Margaret Singer in Cults in Our Midst said:
A number of cults use techniques that put people into an altered state of consciousness, making them more compliant. I am not saying that cult members walk around mesmerized, tranced out, and hypnotized for years on end. What I am saying is this: many cults and groups that use thought-reform techniques engage members in a fair amount of behavior that induces trances, as evidenced by the types and quality of the lectures and sermons and the required activities, such as prolonged chanting or meditation, and repetitive rote behavior. When transient trance states are induced, they may be inadvertent by-products of the group's exercises and methods of using language, or they may well be induced by design, although often not identified by the group as trance-inducing techniques. The most common procedure used is known as naturalistic trance induction, and many cults have relied on this technique.

One of the best explanations of how to go about inducing human cooperation and compliance in certain settings grows out of studies done of such naturalistic trance inductions. In the professional world of psychology, these indirect trance inductions were designed to bypass the usual resistance of patients who sought help but also resisted change when given direct instructions or suggestions. Naturalistic trance induction is also the model for some of the maneuvers used by cult leaders to change the attitudes and behaviors of their followers.

Naturalistic Trance Induction

The work of Milton Erickson, a renowned medical hypnotist, and his colleagues provides an excellent compilation of the methods and techniques that can be used to elicit cooperation and decrease resistance to change. A number of these techniques are among the processes we see used in cults.

Milton Erickson was interested in hypnosis and trance in a very special way. As both a researcher in hypnosis and an experienced psychiatrist, he knew how difficult it is to help people change, especially when they must change their habit patterns. Dedicated to helping people, Erickson devised a unique way of treating his patients, and his work offers one of the clearest explanations of how ordinary words, conversational style, and careful pacing and leading of an interaction can bring one person to the point of being able to secure the cooperation of another person without using pressure, high-demand announcements, or commands.

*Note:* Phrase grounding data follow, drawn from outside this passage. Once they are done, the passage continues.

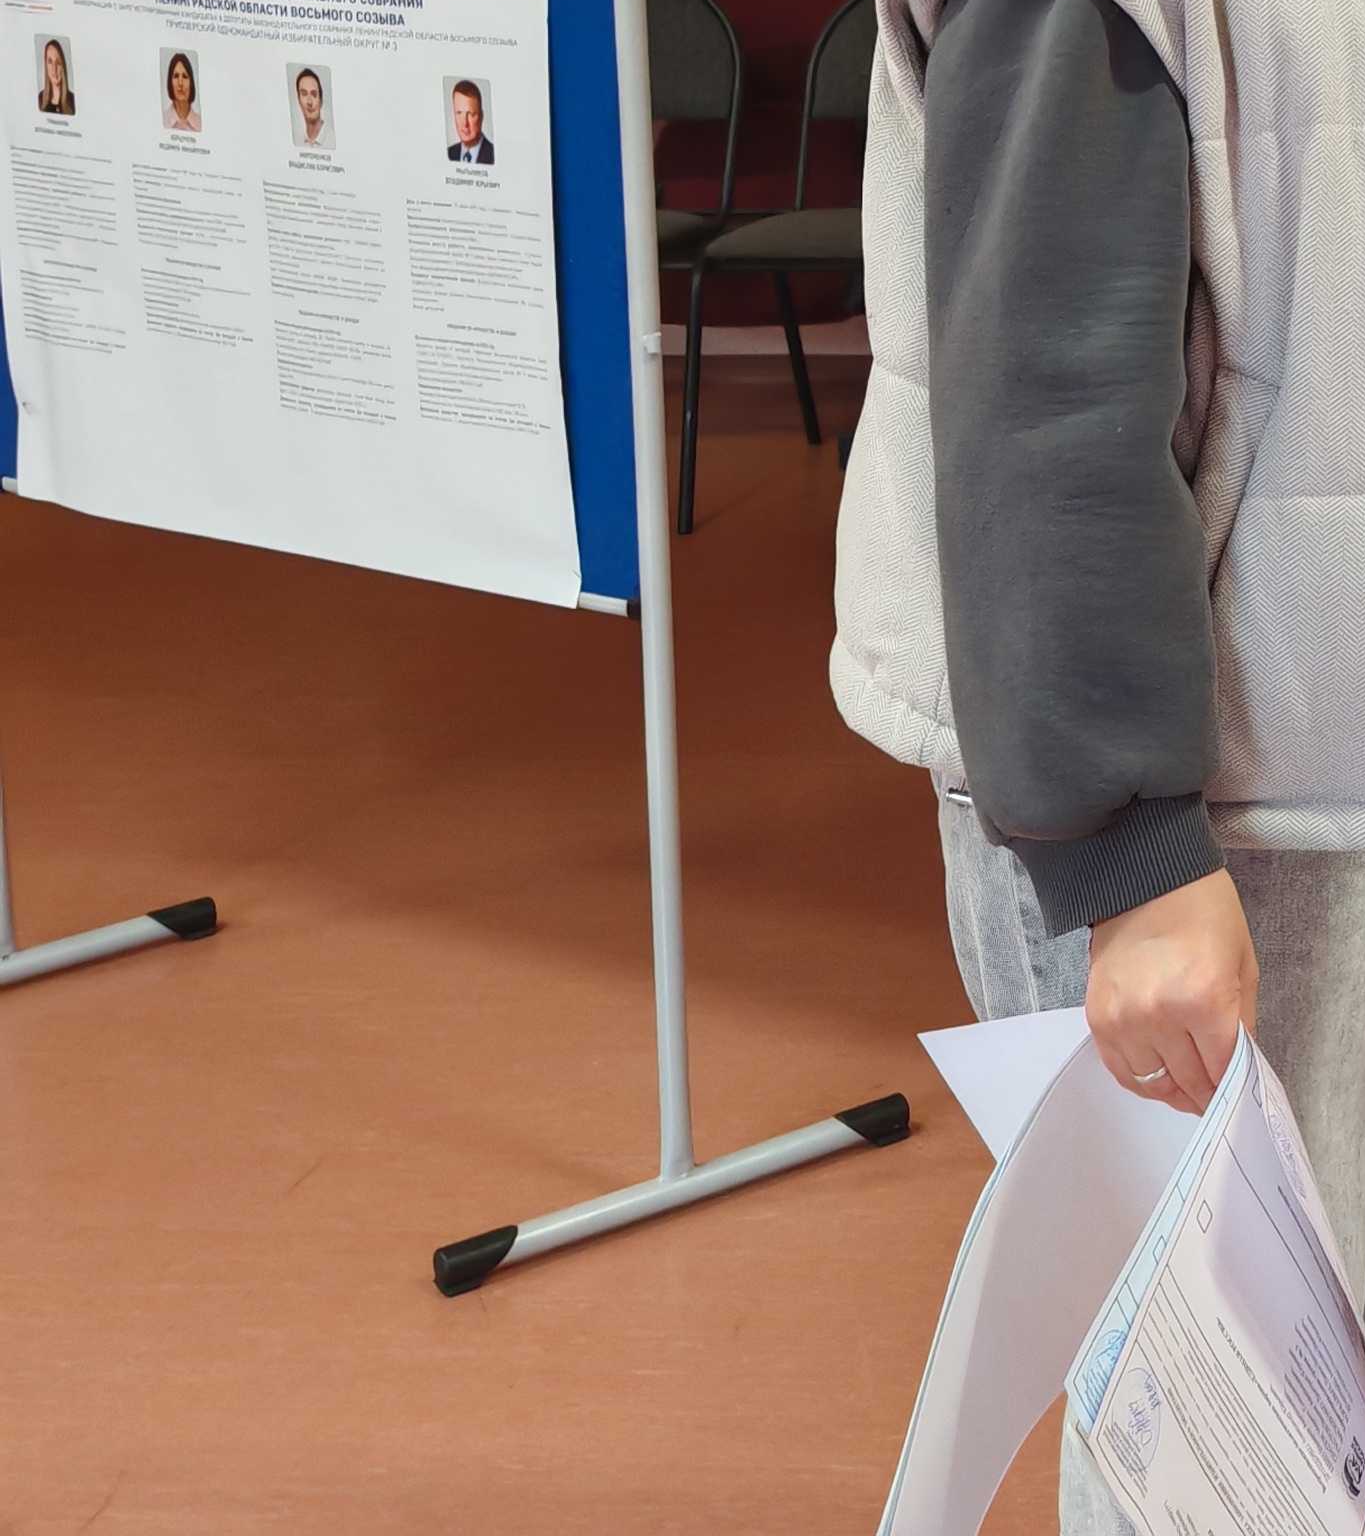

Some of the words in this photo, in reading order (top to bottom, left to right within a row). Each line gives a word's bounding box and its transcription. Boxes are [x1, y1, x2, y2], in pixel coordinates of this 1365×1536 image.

[240, 2, 288, 17] ОБЛАСТИ
[291, 5, 353, 24] ВОСЬМОГО
[356, 12, 405, 27] СОЗЫВА
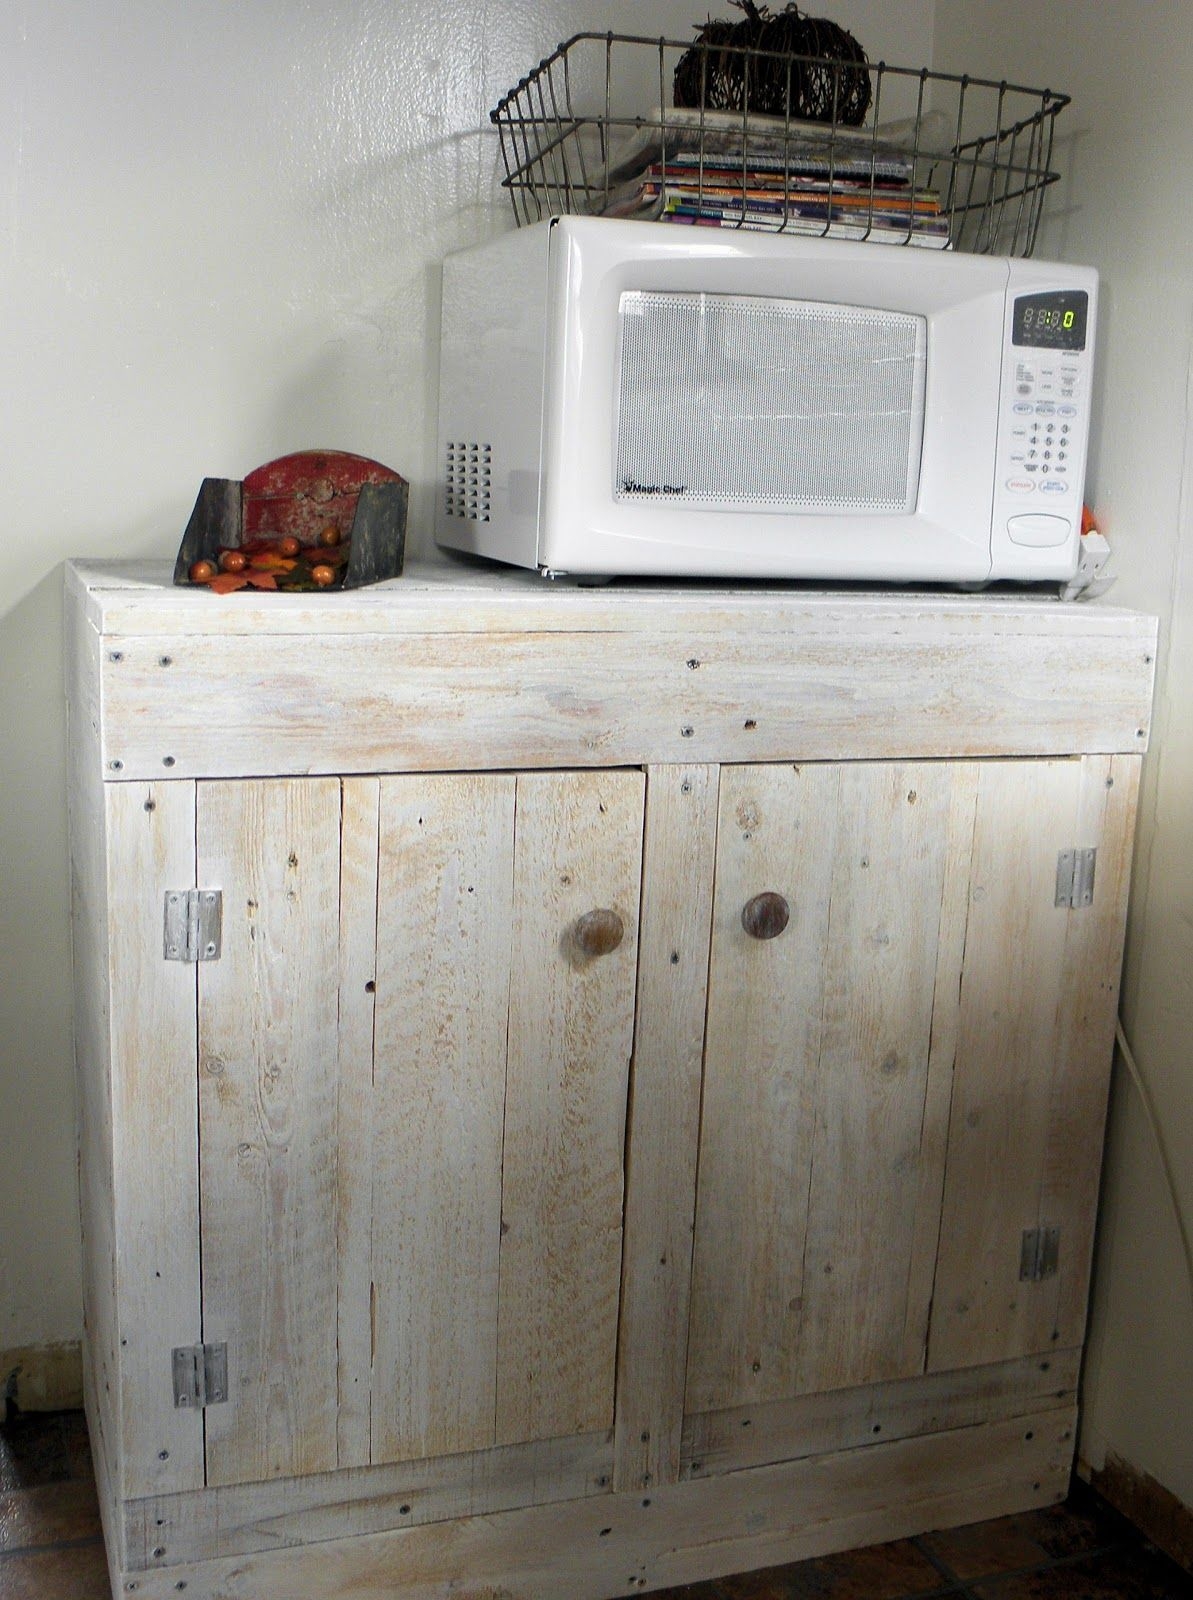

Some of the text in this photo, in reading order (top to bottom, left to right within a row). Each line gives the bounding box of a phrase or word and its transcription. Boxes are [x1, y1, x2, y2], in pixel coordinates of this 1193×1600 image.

[1047, 423, 1054, 433] 2
[1062, 424, 1069, 434] 3
[1030, 436, 1067, 447] 4 5 6
[1030, 449, 1065, 461] 7 8 9
[1042, 463, 1049, 473] 0
[632, 484, 684, 494] Magic Chef
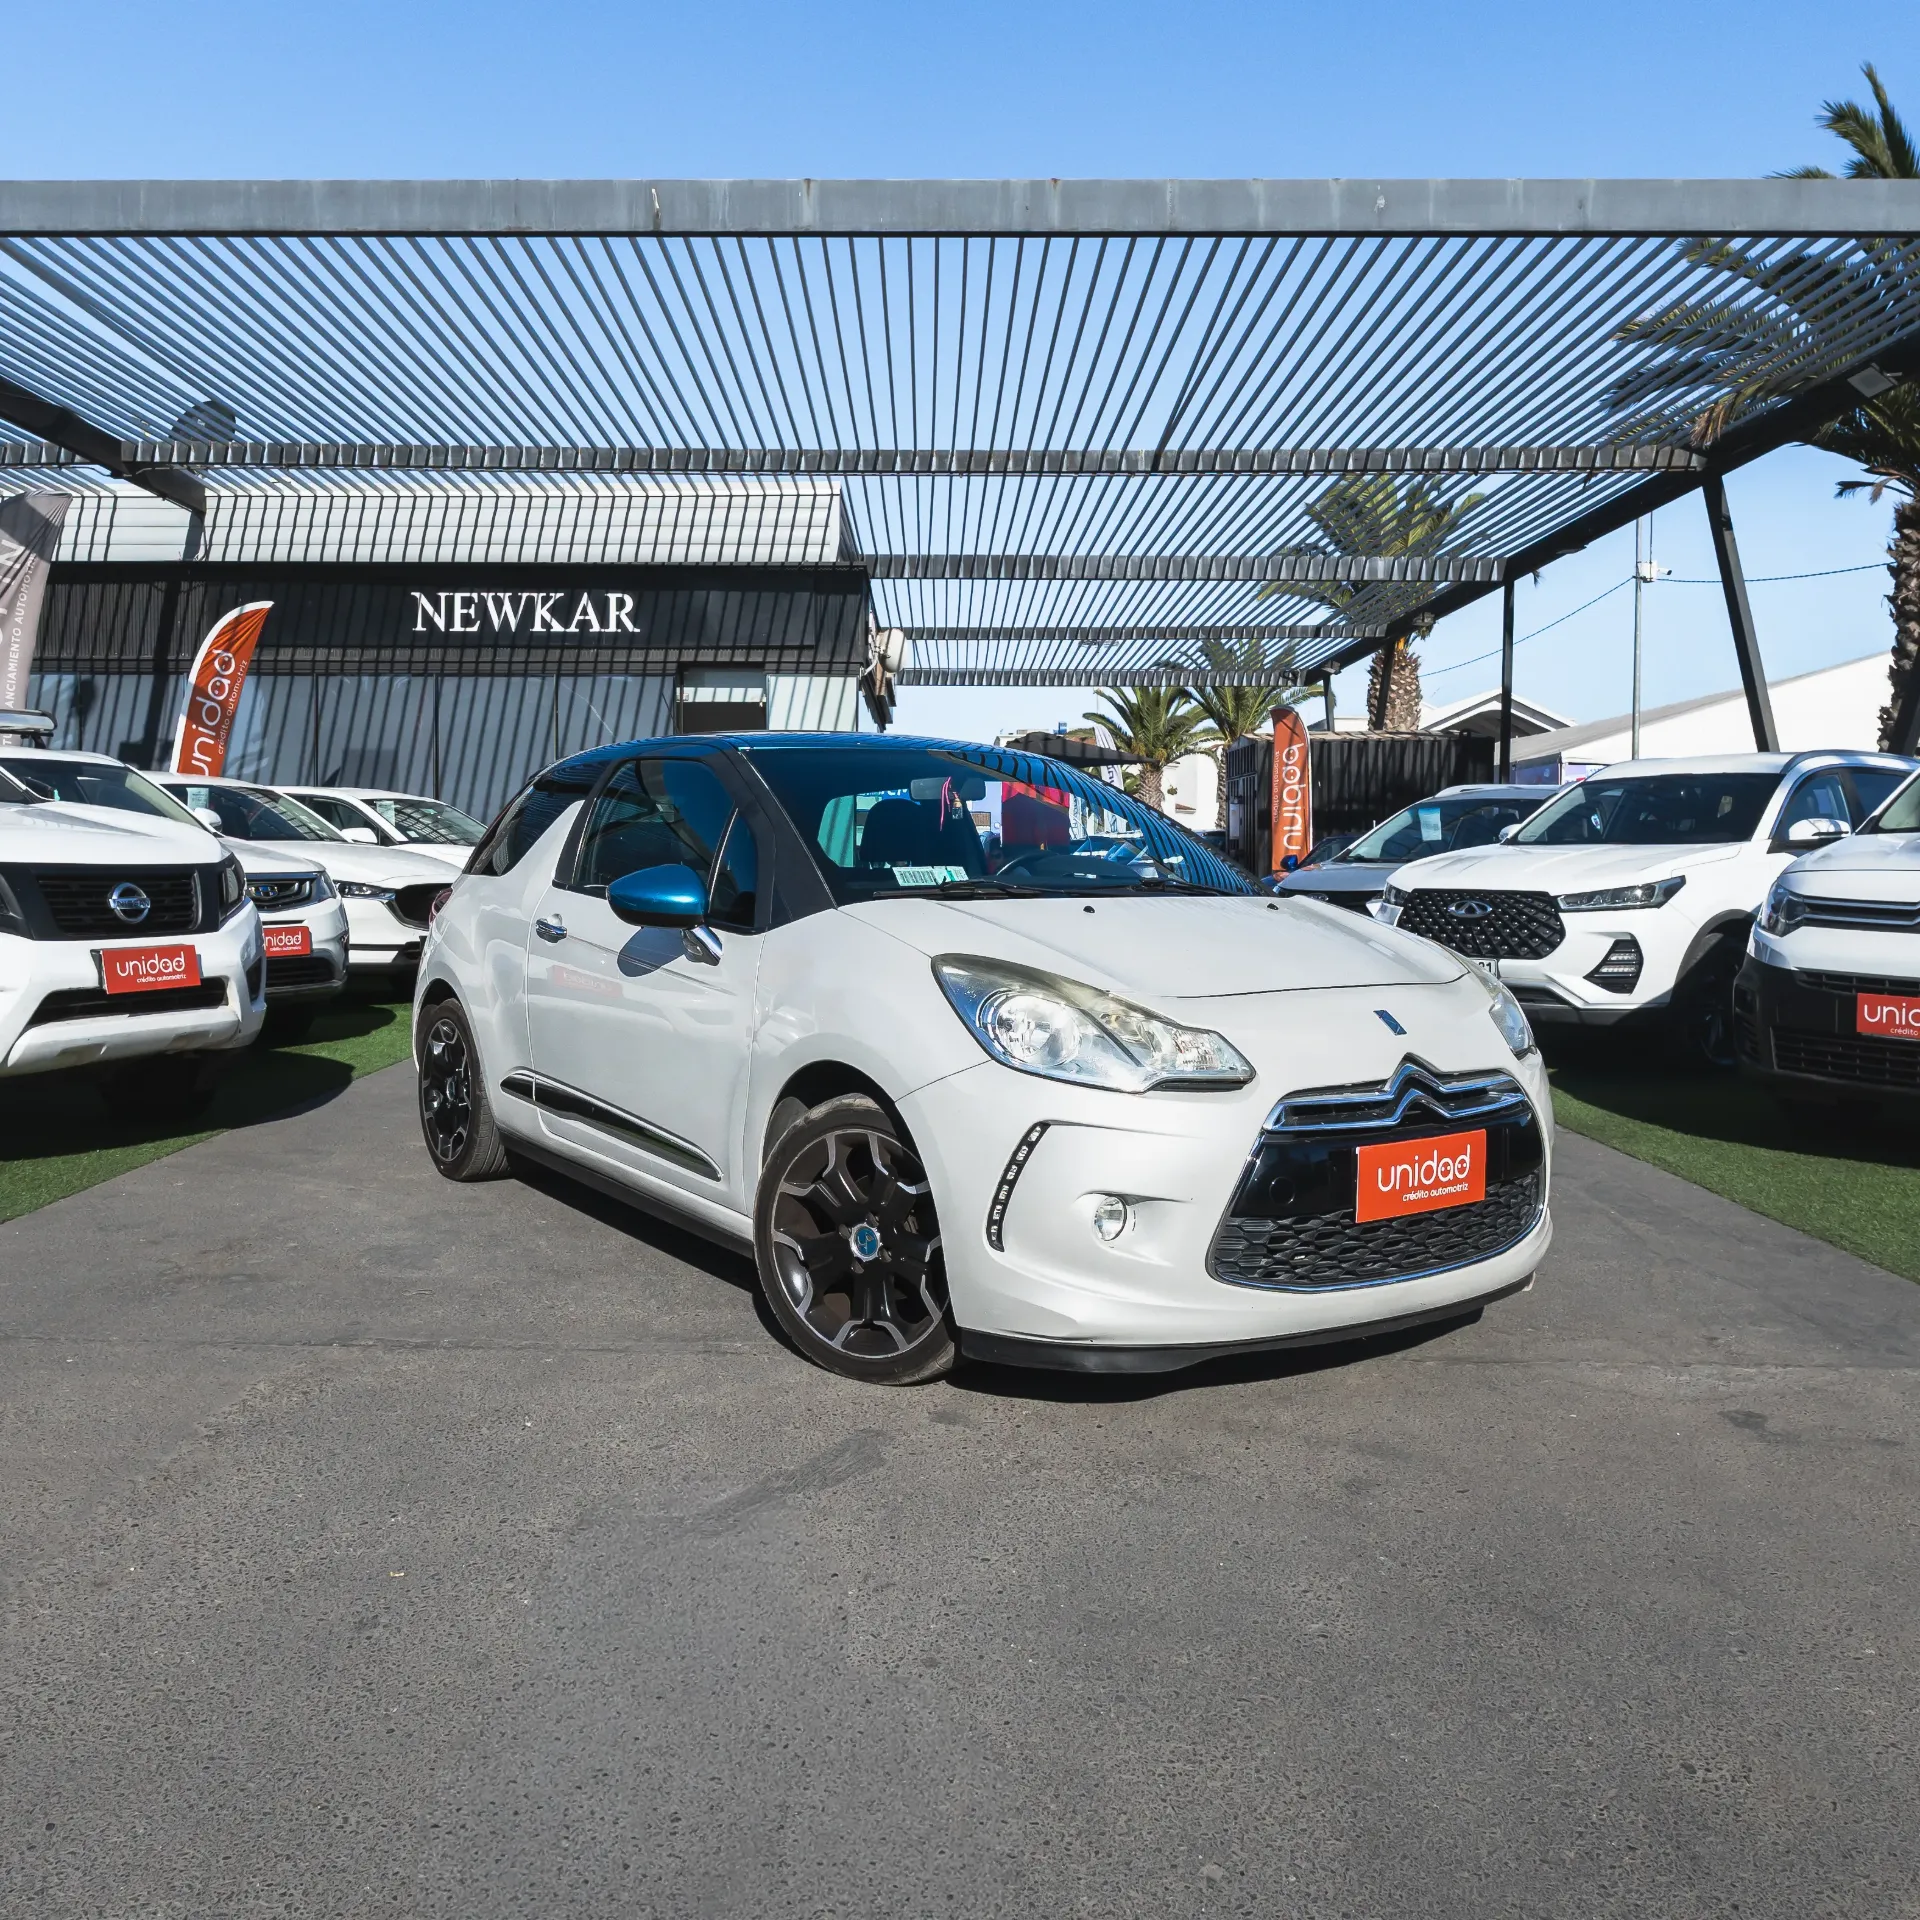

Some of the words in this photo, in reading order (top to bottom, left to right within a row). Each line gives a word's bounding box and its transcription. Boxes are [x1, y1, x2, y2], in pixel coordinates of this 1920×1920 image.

[410, 591, 641, 633] NEWKAR
[4, 627, 22, 709] ANCIAMIENTO
[191, 648, 236, 777] unidad
[218, 717, 231, 755] crédito
[226, 659, 248, 717] automotriz
[263, 930, 302, 949] nidad
[116, 950, 186, 977] unidad
[1890, 1026, 1919, 1036] crédito
[1377, 1143, 1471, 1192] unidad
[1402, 1188, 1429, 1202] crédito
[1430, 1181, 1469, 1197] automotriz

Until Erickson's work became known, most persons who employed trances—whether they were stage hypnotists, scientists studying hypnosis, or dentists and others using it to reduce pain and anxiety—relied on formal trance inductions, procedures clearly announced to the patient—“I am going to hypnotize you. Please close your eyes and relax.” Erickson redefined hypnosis, seeing it as an interchange between two people in which the hypnotist gains the subject's cooperation, deals in various ways with resistance to cooperation, and promotes acknowledgment from the person that something is happening. Through this process, the hypnotherapist indirectly suggests the behavioral changes the patient comes to make.

During Erickson's naturalistic inductions, he did not announce, “We are now doing hypnosis.” Nor did he even mention that “this is hypnosis.” Instead, he “paced and led” the person he was working with into whatever levels of trance the person could attain at a particular time. People who went to him knowing his fame as a medical hypnotist found themselves sitting talking with him, hearing him tell tales and chatting along disarmingly, unaware that what was transpiring between them was producing trances of varying depths. As a result of these interactions, the patients' attitudes toward themselves and life were changing. Erickson's development of naturalistic trance induction was a major contribution to therapeutic intervention.

A critical difference between Milton Erickson's work and cult leaders' methods is that Erickson kept the best interests of his patients foremost and did nothing self-serving with what he recognized as a very powerful means of changing people. He used influence techniques to help his patients change for their own betterment and based his treatment methods on decades of astute and careful observations of patients. Nevertheless, Erickson's carefully noted observations on influence help us recognize and label the techniques put into play in cults and thought-reform groups. In Chapter Three, I outlined what thought reform is and the three stages of unfreezing, changing, and refreezing a person's attitudes and behavior. Erickson's work gives us a way to understand the context in which the moment-to-moment alterations take place and the methods used during the process of change induction.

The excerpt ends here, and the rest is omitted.